Tatort Sachsenhausen. Strafverfolgung von KZ-Verbrechen in der Bundesrepublik Deutschland
Vortrag: Dr. Stephanie Bohra, Berlin
Moderation: Prof. Dr. Günter Morsch, Oranienburg

Während der nationalsozialistischen Herrschaft wurden in den Konzentrationslagern zahllose staatlich legitimierte Gewaltverbrechen an Menschen verübt. Allein im KZ Sachsenhausen kamen mehrere Zehntausend ums Leben. Die strafrechtliche Aufarbeitung der Verbrechen durch die deutsche Justiz begann bereits 1945/46 und ist bis heute nicht abgeschlossen.
In ihrer Studie Tatort Sachsenhausen (2019) beleuchtet Stephanie Bohra die Strafverfolgungspraxis bei KZ-Verbrechen in den westlichen Besatzungszonen und der Bundesrepublik Deutschland. Hierfür analysiert sie die zwischen 1946 und 1996 geführten Strafverfahren zum KZ Sachsenhausen und zeichnet nach, welche gesellschaftlichen, politischen und rechtlichen Faktoren die Strafverfolgung hemmten und beförderten. Infolge einer zunehmenden Professionalisierung der Ermittlungsarbeit wurden zahlreiche Gewaltverbrechen im KZ Sachsenhausen aufgedeckt. Dennoch scheiterten viele Verfahren im Ermittlungsstadium, und auch die Verurteilungsbilanz der Gerichte blieb dürftig.

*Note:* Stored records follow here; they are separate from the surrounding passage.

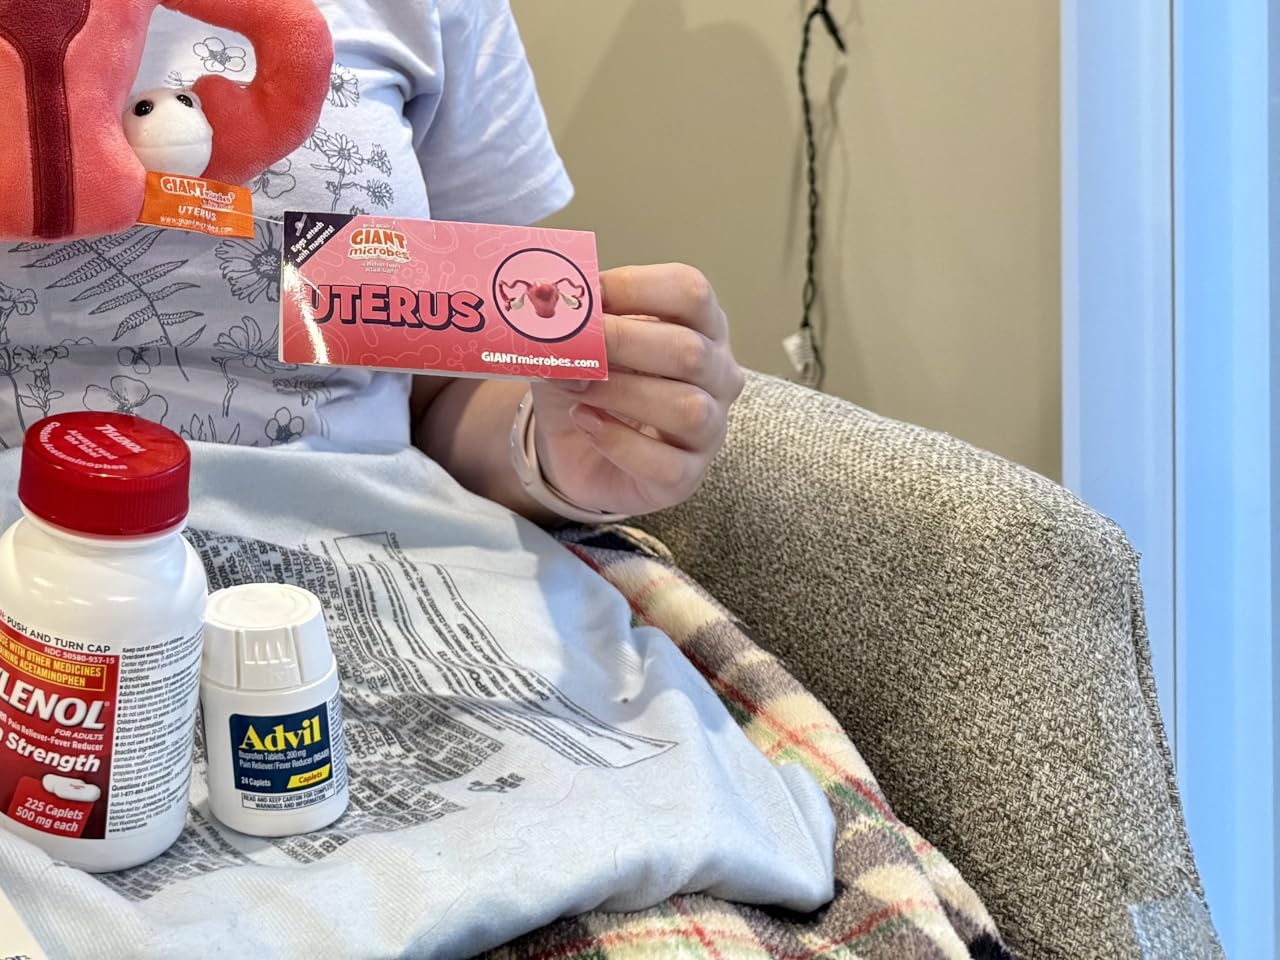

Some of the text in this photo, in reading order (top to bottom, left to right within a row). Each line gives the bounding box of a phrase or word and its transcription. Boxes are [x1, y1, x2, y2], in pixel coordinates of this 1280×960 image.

[160, 176, 206, 198] GIANT
[179, 206, 216, 221] UTERUS
[291, 221, 325, 253] Eggs attach
[296, 225, 335, 263] with magnets!
[350, 228, 406, 249] GIANT
[349, 246, 410, 261] microbes
[310, 283, 485, 331] UTERUS
[481, 351, 600, 370] GIANTmicrobes.com
[95, 424, 147, 454] TYLENOL
[42, 442, 128, 470] Acetaminophen
[316, 575, 328, 594] PAS
[327, 580, 340, 599] SUR
[7, 616, 27, 634] PUSH
[29, 630, 51, 643] AND
[54, 637, 83, 651] TURN
[87, 644, 111, 653] CAP
[0, 632, 9, 646] USE
[9, 640, 25, 658] WITH
[26, 649, 51, 666] OTHER
[53, 660, 101, 677] MEDICINES
[44, 647, 62, 656] NDC
[20, 658, 86, 687] ACETAMINOPHEN
[8, 719, 20, 731] Pain
[72, 742, 103, 751] Reducer
[54, 728, 104, 741] FOR ADULTS
[239, 715, 321, 752] Advil
[6, 732, 101, 772] Strength
[239, 750, 264, 760] Ibuprofen
[286, 751, 297, 759] 200
[240, 760, 251, 768] Pain
[292, 757, 313, 768] Reducer
[249, 777, 271, 787] Caplets
[298, 771, 322, 784] Caplets
[16, 806, 78, 832] 500 mg each
[25, 797, 84, 821] 225 Caplets

Die Strafbarkeit der KZ-Täter ergab sich nicht aus ihrer Funktion und den damit verbundenen Aufgaben. Vielmehr musste ihnen eine konkrete Tat und ein eigener Täterwille nachgewiesen werden. Gerade Letzteres war eine subjektive Ermessensfrage, die von den Gerichten unter Verwendung schuldbefreiender Rechtsfiguren oft zugunsten der Täter beantwortet wurde.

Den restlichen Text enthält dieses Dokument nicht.